Dataset: Begin
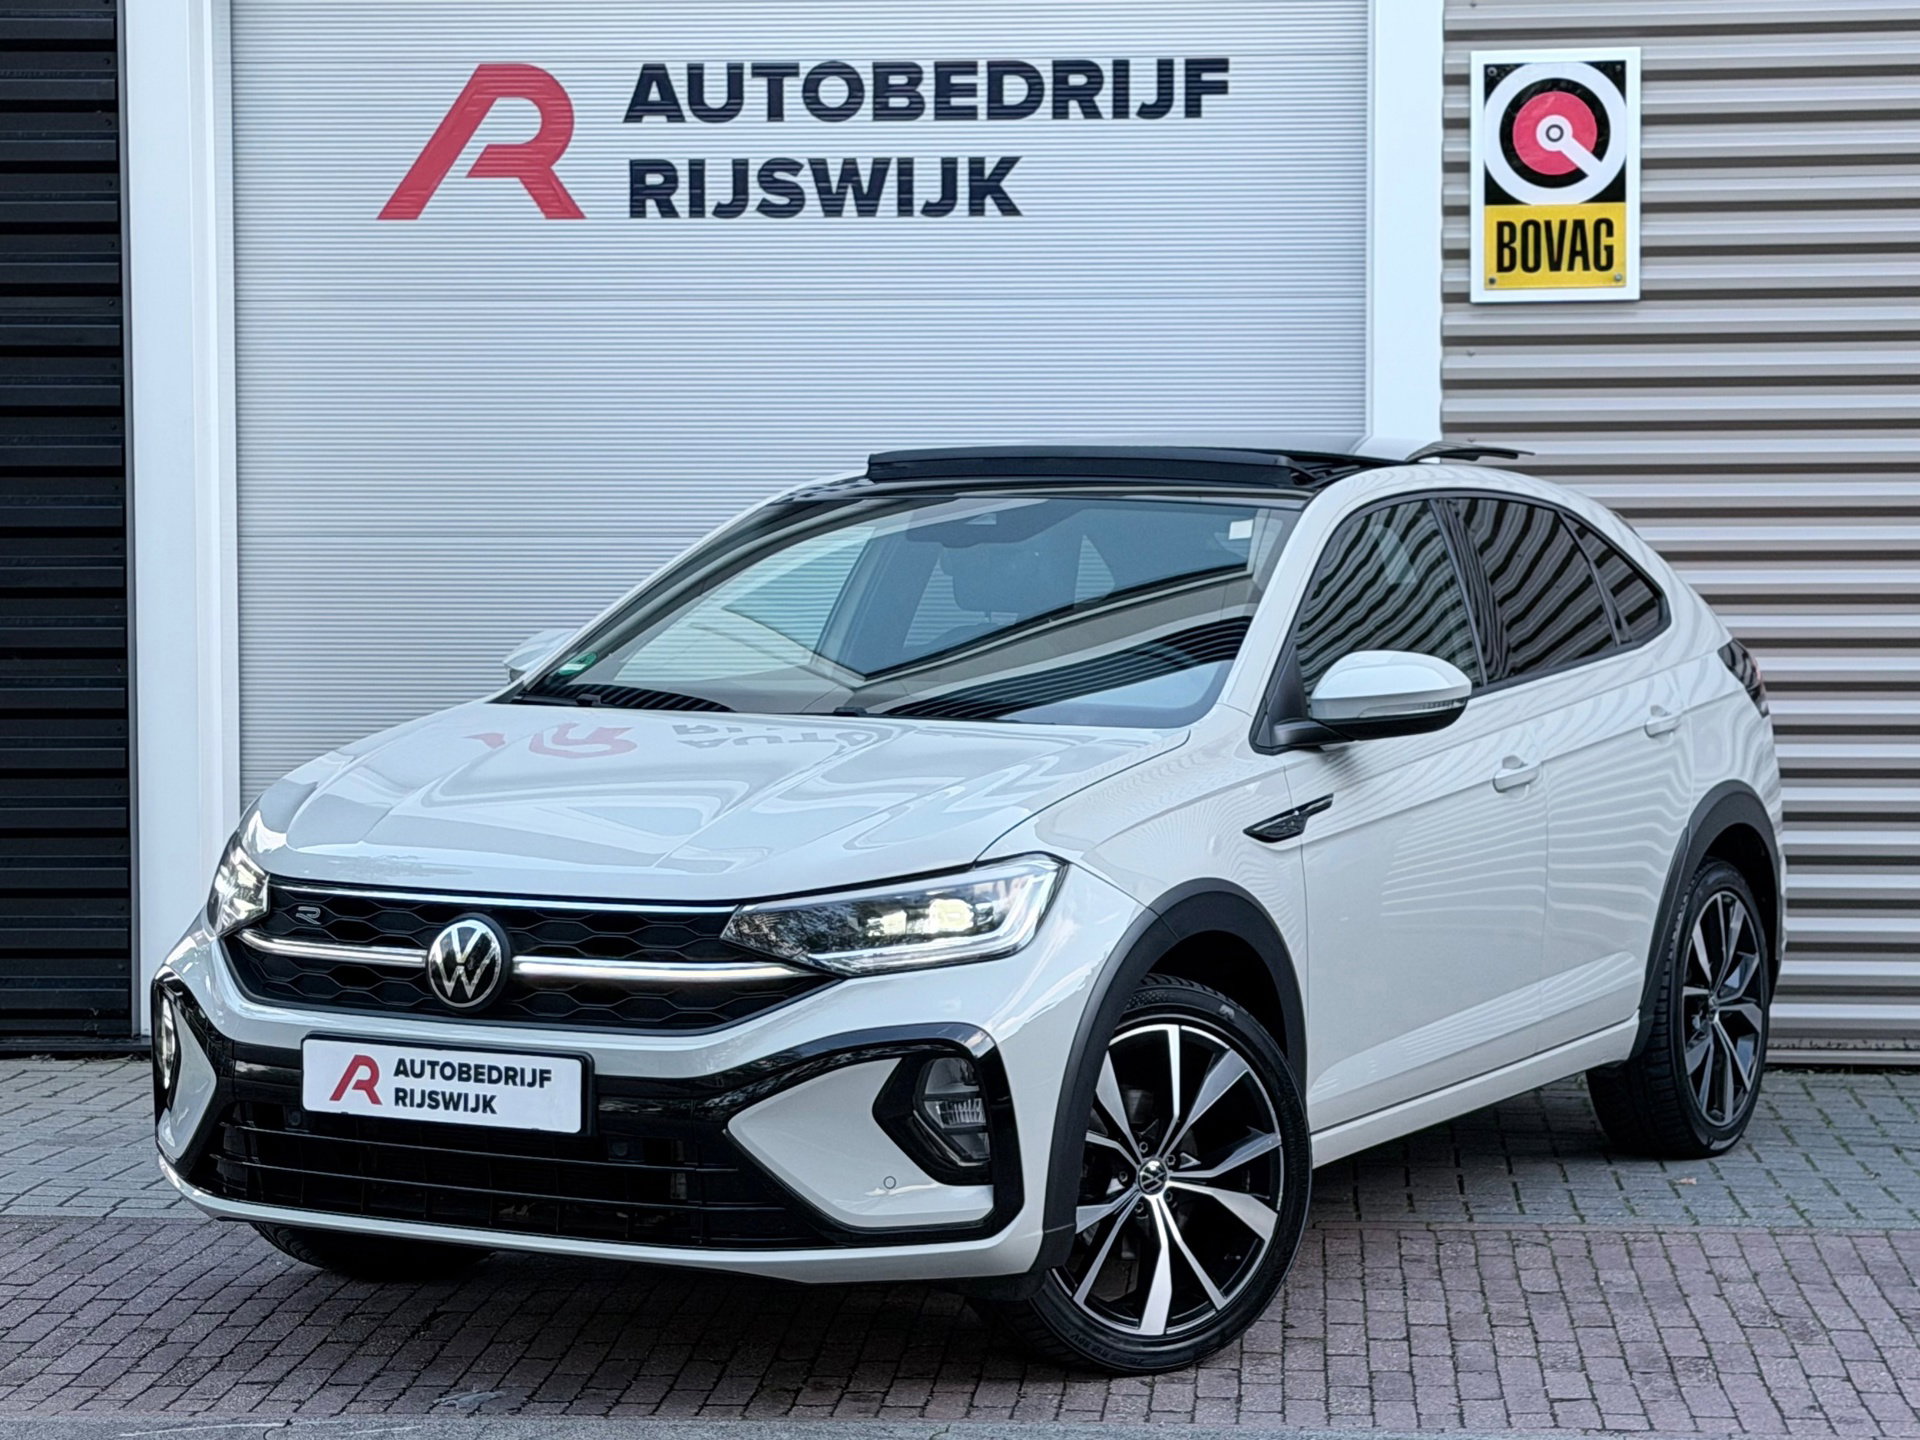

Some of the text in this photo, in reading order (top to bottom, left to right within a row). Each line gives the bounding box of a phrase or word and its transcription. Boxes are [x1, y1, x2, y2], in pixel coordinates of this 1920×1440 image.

[623, 58, 1230, 124] AUTOBEDRIJF
[629, 156, 1021, 219] RIJSWIJK
[1496, 218, 1614, 273] BOVAG
[393, 1058, 552, 1088] AUTOBEDRIJF
[394, 1087, 497, 1114] RIJSWIJK
Dataset: End
Problem statement - Give back each line above verbatim, dropping every picture.

Exercise output -
Some of the text in this photo, in reading order (top to bottom, left to right within a row). Each line gives the bounding box of a phrase or word and its transcription. Boxes are [x1, y1, x2, y2], in pixel coordinates of this 1920×1440 image.

[623, 58, 1230, 124] AUTOBEDRIJF
[629, 156, 1021, 219] RIJSWIJK
[1496, 218, 1614, 273] BOVAG
[393, 1058, 552, 1088] AUTOBEDRIJF
[394, 1087, 497, 1114] RIJSWIJK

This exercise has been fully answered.